John Keats
John Keats

Il movimento romantico in Inghilterra nacque nel 1798 con le Ballate liriche di William Wordsworth e Samuel Taylor Coleridge e con il programma teorico scritto da Wordsworth nella seconda edizione dell’opera, uscita due anni dopo. L’intento è di unire immagini e toni fiabeschi, magici, sovrannaturali a temi quotidiani. Una seconda generazione di poeti romantici inglesi emerge nel secondo decennio del secolo: si tratta di George Byron, Percy Bysshe Shelley, John Keats. Essi cantano la tendenza alla fuga e alla ribellione, la bellezza mediterranea, la perdita della serenità classica, il rifiuto della società borghese.

Shelley e Byron hanno caratteri simili e comunque sono molto diversi da John Keats. Infatti essi rappresentarono, nell’immaginario europeo, i prototipi stessi del poeta romantico, ribelle, anarchico e individualista. Invece John Keats unisce allo spirito romantico una tendenza classicista, e privilegia un tipo di poesia più intimo, sofferto, malinconico. La struggente nostalgia per il mondo greco si esprime in immagini di classica compostezza e con un linguaggio ricco di parole inusuali e di musicalità.

Nonostante il mancato successo presso i suoi contemporanei, John Keats è oggi considerato il maggior poeta romantico inglese; è l’unico poeta romantico che si rifaccia alla mitologia come fonte di ispirazione e il suo gusto della bellezza non è lontano da quello neoclassico.
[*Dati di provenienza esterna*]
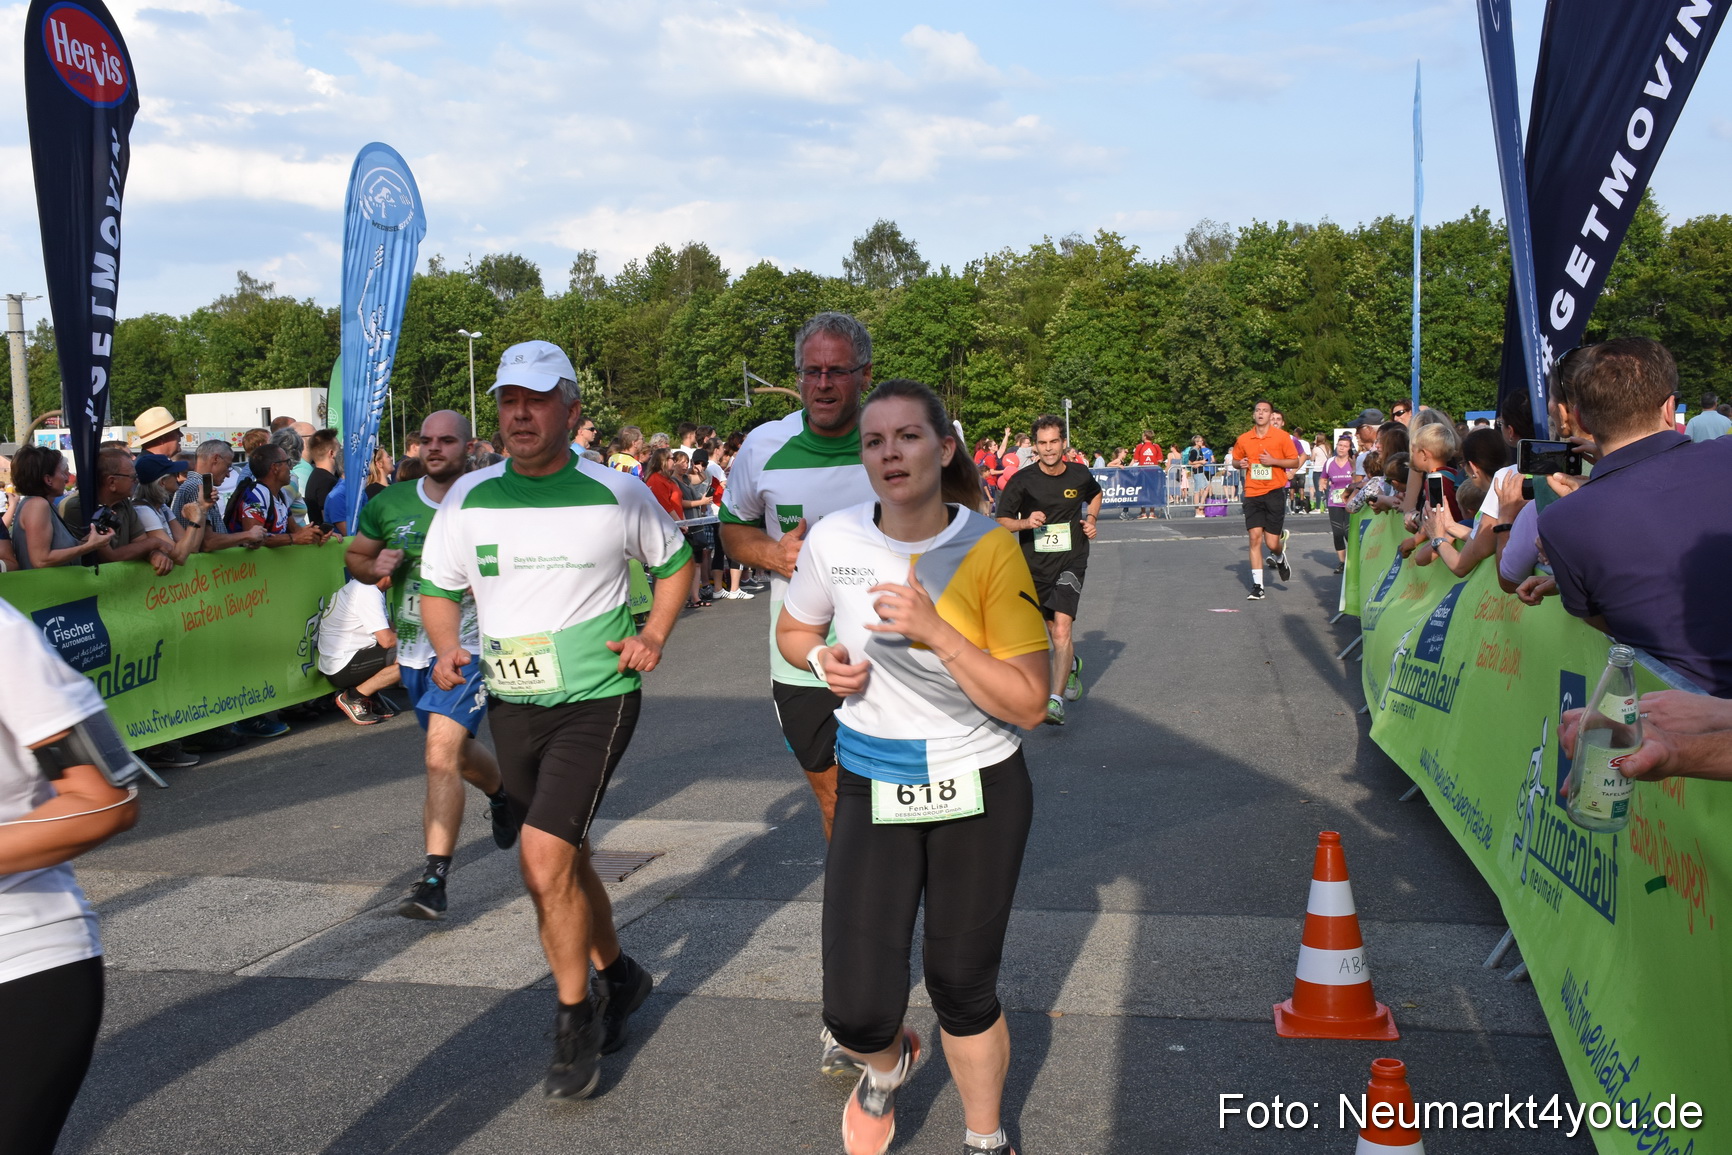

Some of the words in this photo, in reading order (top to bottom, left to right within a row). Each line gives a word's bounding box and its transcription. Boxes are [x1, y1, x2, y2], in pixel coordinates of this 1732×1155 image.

[49, 17, 124, 87] Hervis
[1044, 534, 1059, 545] 73
[831, 566, 875, 576] DESSIGN
[831, 577, 866, 586] GROUP
[145, 568, 210, 610] Gesunde
[211, 561, 257, 589] Firmen
[181, 599, 224, 633] laufen
[224, 578, 270, 618] länger!
[53, 622, 95, 643] Fischer
[61, 634, 97, 650] AUTOMOBILE
[495, 656, 541, 679] 114
[1396, 647, 1466, 711] firmenlauf
[126, 680, 277, 738] www.firmenlauf-oberpfalz.de
[1389, 699, 1417, 720] neumarkt
[896, 778, 957, 806] 618
[908, 804, 930, 812] Fenk
[931, 803, 949, 811] Lisa
[922, 809, 944, 817] GROUP
[1535, 785, 1619, 919] firmenlauf
[1529, 868, 1564, 914] neumarkt
Sono però del tutto romantici la sensibilità, la poetica fondata sul culto della sensazione, il sentimento del Medioevo e il suo stesso ellenismo, pervaso da un esotismo ignoto alla cultura neoclassica.
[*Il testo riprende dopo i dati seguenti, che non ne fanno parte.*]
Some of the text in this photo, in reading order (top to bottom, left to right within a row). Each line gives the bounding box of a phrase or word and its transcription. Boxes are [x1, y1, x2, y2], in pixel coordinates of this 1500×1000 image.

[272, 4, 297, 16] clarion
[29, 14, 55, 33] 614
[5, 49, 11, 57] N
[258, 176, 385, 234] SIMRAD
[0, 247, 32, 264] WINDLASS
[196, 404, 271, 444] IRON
La vita di John Keats – A differenza degli altri due grandi poeti della seconda generazione romantica inglese, George Byron e Shelley, John Keats, nato a Londra il 31 ottobre 1795, era di famiglia modesta e non studiò in scuole prestigiose, ma fu posto come apprendista presso un chirurgo (che allora non era una professione prestigiosa come adesso, ma era ritenuto un mestiere manuale).

Entrato in contatto con Leigh Hunt, uomo politico radicale e poeta eclettico, abbandonò questa attività per la poesia, pubblicando un volume di versi a ventidue anni, nel 1817, e, nel 1818, il poema Endimione, stroncato dai recensori che, attraverso di lui, intendevano attaccare Hunt. Demoralizzato dalle critiche, costretto ad assistere il fratello affetto da tubercolosi, tormentato dall’amore per Fanny Brawne, cominciò presto a dare segni di cedimento fisico.

Nel febbraio 1820 si manifestarono i primi sintomi della malattia, la tisi, che lo condurrà alla morte. Consigliato dai medici, partì per l’Italia, alla ricerca di un clima più mite, e si stabilì a Roma, ospite dell’amico Shelley, ma qui morì dopo pochi mesi, il 23 febbraio 1821. Shelley ne pianse la morte nel poemetto Adonais. John Keats è sepolto nel cimitero protestante di Roma. Su sua volontà la lapide non riporta il nome, ma un epitaffio da lui stesso voluto: “Qui giace un uomo il cui nome fu scritto sull’acqua”.

La produzione poetica degli anni 1818-1820 – Fra il 1818 e il 1820 si colloca il periodo più fervido della sua creazione: il poema Iperione, ispirato alla mitologia e precisamente alla sconfitta dei Titani, ma rimasto interrotto nelle due diverse versioni tentate dall’autore; La vigilia di sant’Agnese, che si rifà al tema epico medievale della passione che sfida ogni pericolo; la ballata La Belle Dame sans Merci [La bella dama senza pietà]; le grandi odi scritte nel maggio 1819 A un usignolo, Su un’urna greca, Sull’indolenza, Sulla malinconia e nell’autunno dello stesso anno All’autunno.

Nei componimenti del 1819 i temi predominanti sono quelli della caducità della vita e dell’eternità dell’arte e del loro rapporto. La bellezza è fissata dall’arte in forme eterne, immodificabili, sottratte all’azione del tempo. A queste forme eterne si contrappone la vita reale dell’uomo segnata dal dolore, dal desiderio struggente di quell’eternità che è per lui irraggiungibile, dalla delusione. Alla bellezza eterna e incorruttibile dell’arte si contrappone dunque la realtà umana, sottoposta all’azione del tempo, soggetta alla decadenza e alla vecchiaia. Ma nel succedersi delle generazioni umane, sempre dominate dall’affanno, l’arte continuerà a diffondere il suo messaggio: «la Bellezza è Verità […] la Verità è Bellezza».